• [Material shown]
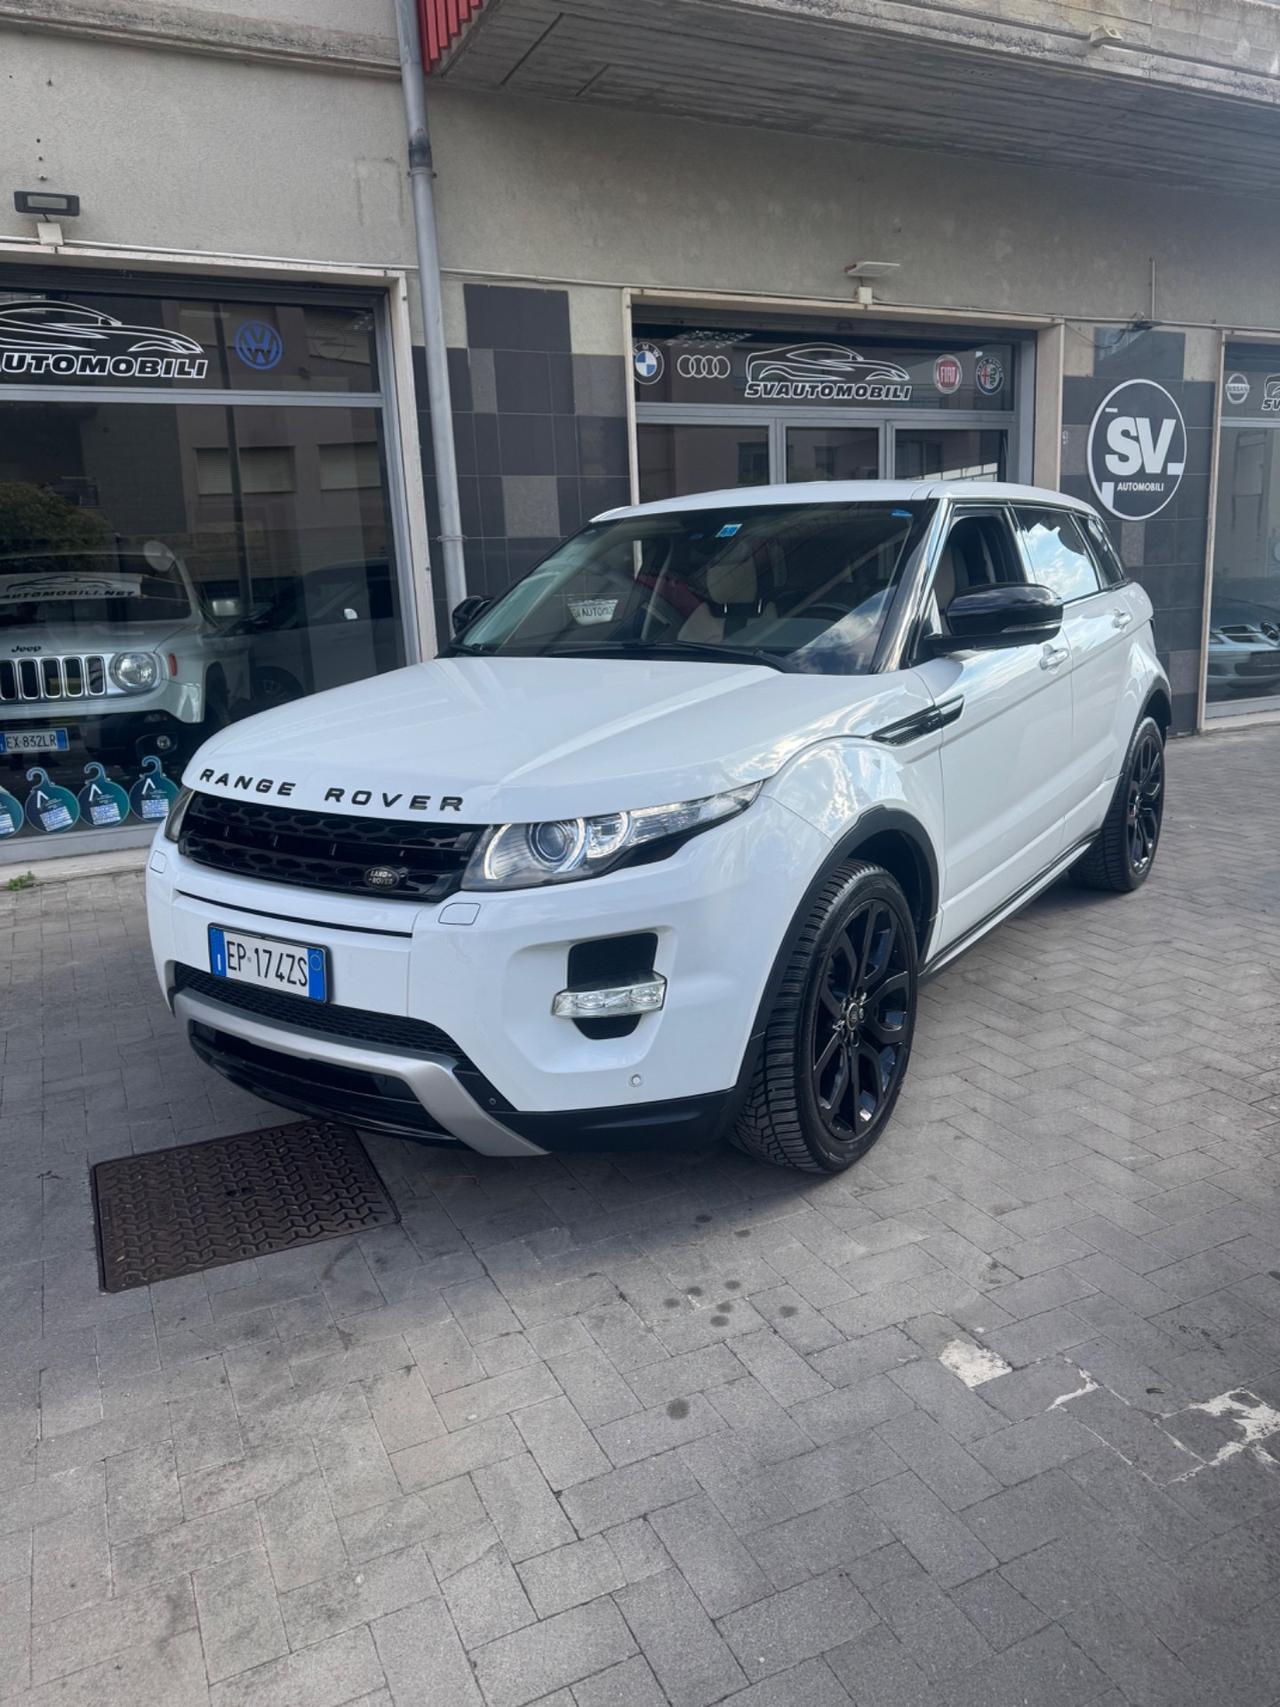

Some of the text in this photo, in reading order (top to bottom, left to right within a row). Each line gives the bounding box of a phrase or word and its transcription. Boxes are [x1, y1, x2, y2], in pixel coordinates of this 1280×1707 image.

[0, 352, 208, 379] UTOMOBILI
[744, 382, 912, 400] SVAUTOMOBILI
[1105, 416, 1177, 476] SV
[1117, 482, 1164, 492] AUTOMOBILI
[11, 645, 42, 653] Jeep
[200, 768, 464, 811] RANGE ROVER

• [Instructions for the task]
Give the records above again verbatim, pictures omitted.

• [Response below]
Some of the text in this photo, in reading order (top to bottom, left to right within a row). Each line gives the bounding box of a phrase or word and its transcription. Boxes are [x1, y1, x2, y2], in pixel coordinates of this 1280×1707 image.

[0, 352, 208, 379] UTOMOBILI
[744, 382, 912, 400] SVAUTOMOBILI
[1105, 416, 1177, 476] SV
[1117, 482, 1164, 492] AUTOMOBILI
[11, 645, 42, 653] Jeep
[200, 768, 464, 811] RANGE ROVER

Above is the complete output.